# What the task requires
Your task is to give the records again exactly. Leave each picture out.
──────
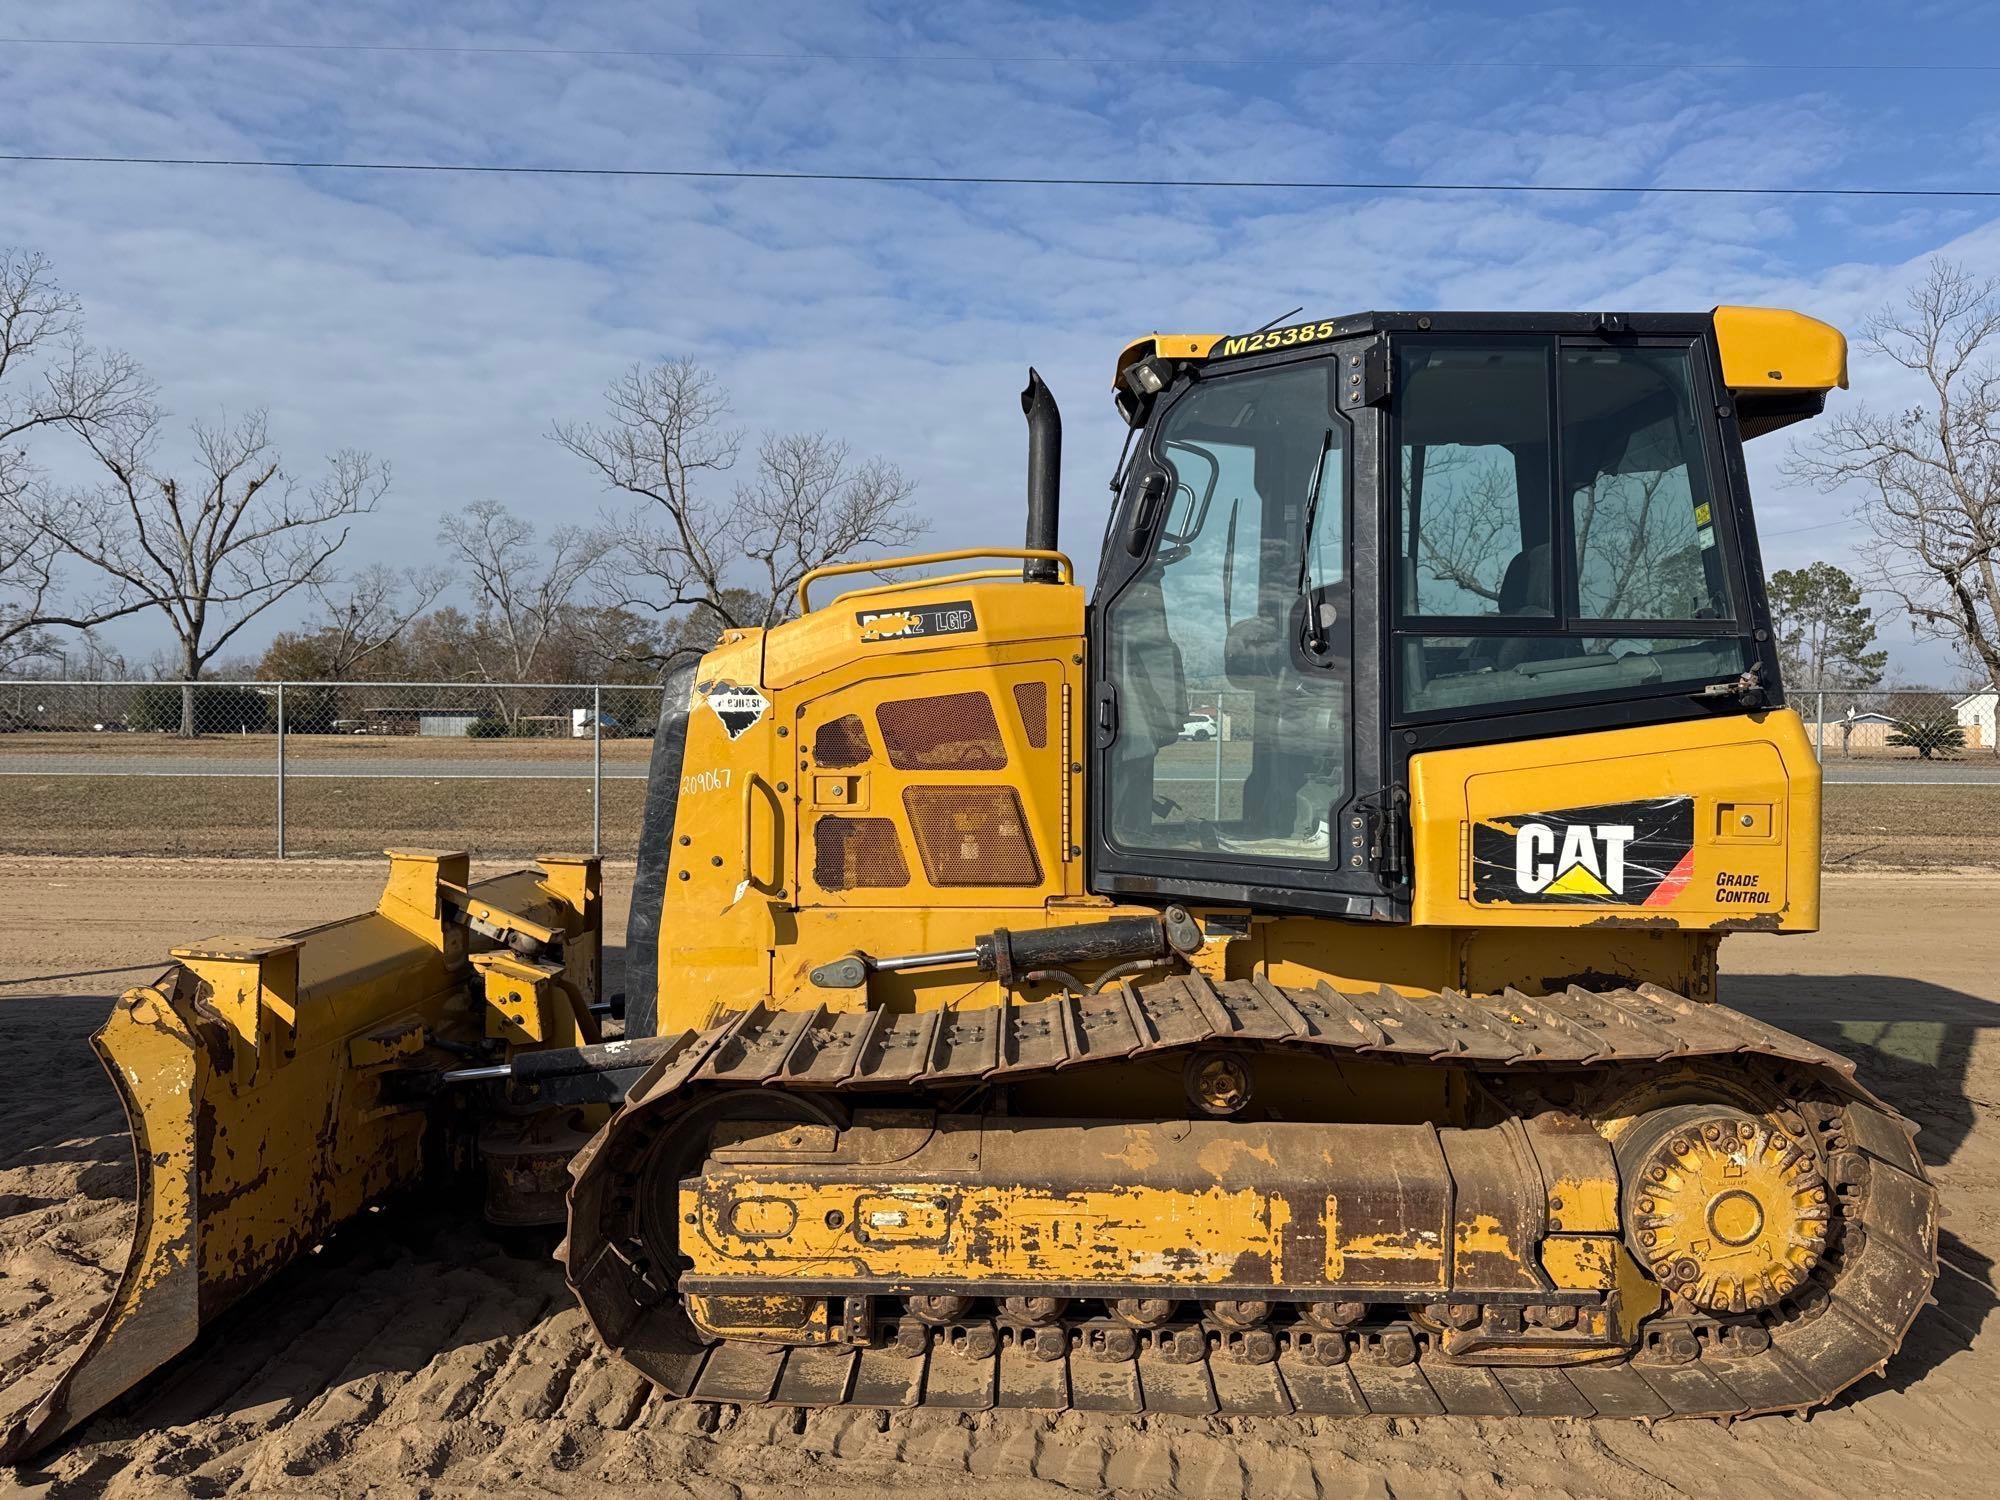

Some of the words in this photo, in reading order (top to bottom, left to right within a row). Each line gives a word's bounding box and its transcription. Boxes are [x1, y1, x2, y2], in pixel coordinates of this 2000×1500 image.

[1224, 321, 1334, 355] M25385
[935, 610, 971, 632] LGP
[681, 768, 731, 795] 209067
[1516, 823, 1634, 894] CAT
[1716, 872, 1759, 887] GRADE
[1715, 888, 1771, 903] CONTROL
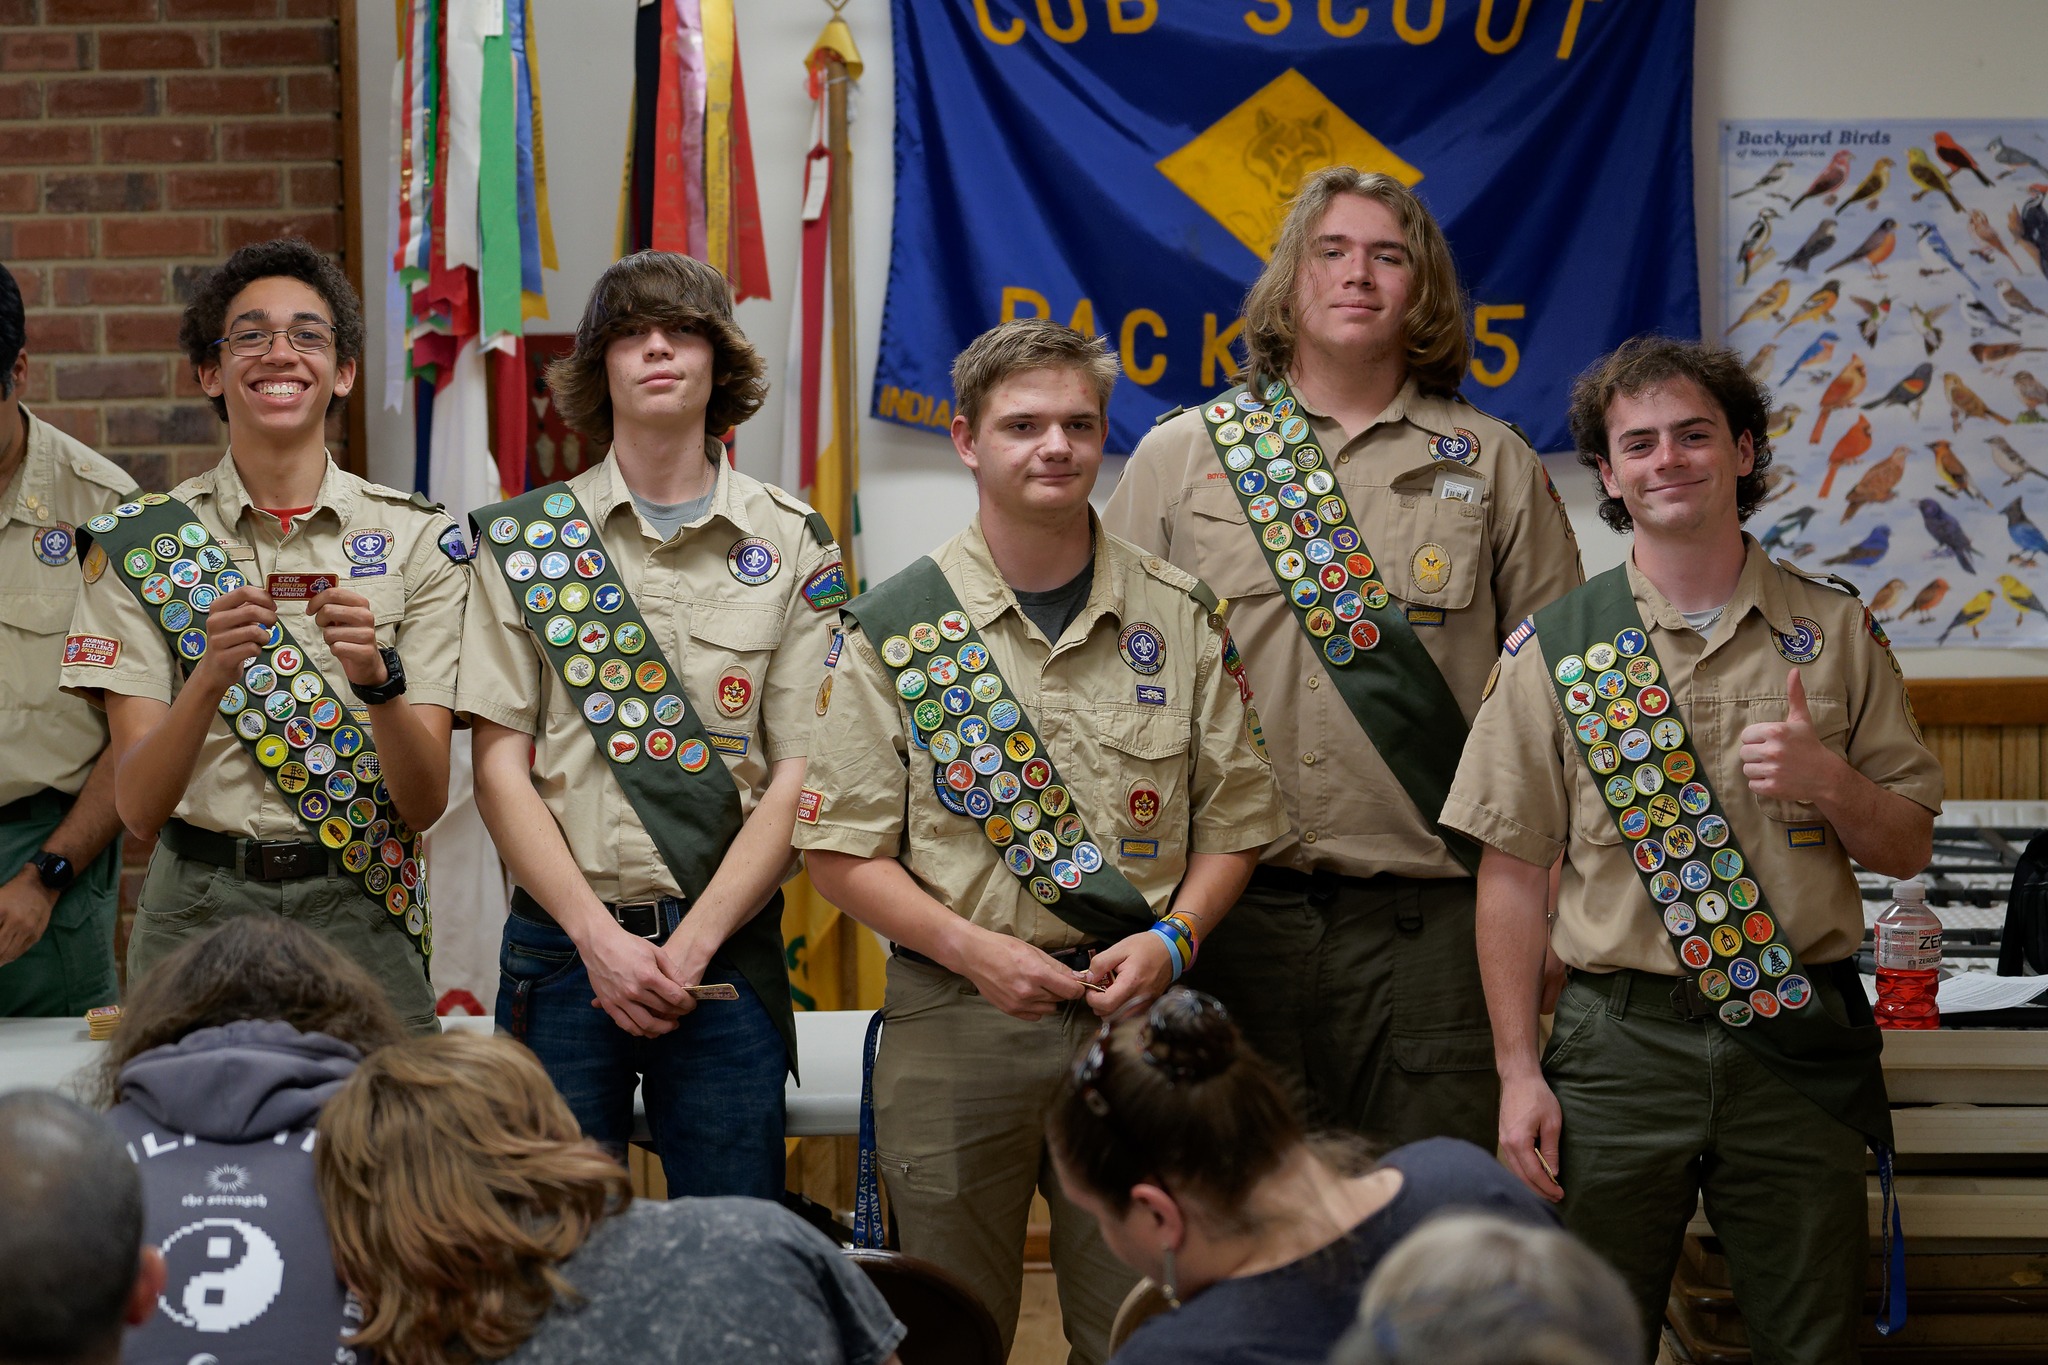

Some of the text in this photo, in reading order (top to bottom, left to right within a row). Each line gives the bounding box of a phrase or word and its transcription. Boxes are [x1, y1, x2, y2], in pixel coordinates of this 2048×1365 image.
──────
# Result
Some of the words in this photo, in reading order (top to bottom, left to right within a row). Each line gives a word's bounding box and its transcription. Boxes are [x1, y1, x2, y2], in pixel coordinates of this 2000×1500 image.

[1224, 321, 1334, 355] M25385
[935, 610, 971, 632] LGP
[681, 768, 731, 795] 209067
[1516, 823, 1634, 894] CAT
[1716, 872, 1759, 887] GRADE
[1715, 888, 1771, 903] CONTROL

Some of the text in this photo, in reading order (top to bottom, left to right within a row). Each line gives the bounding box of a phrase or word and its transcription. Boxes are [x1, y1, x2, y2], in pixel coordinates of this 2048×1365 image.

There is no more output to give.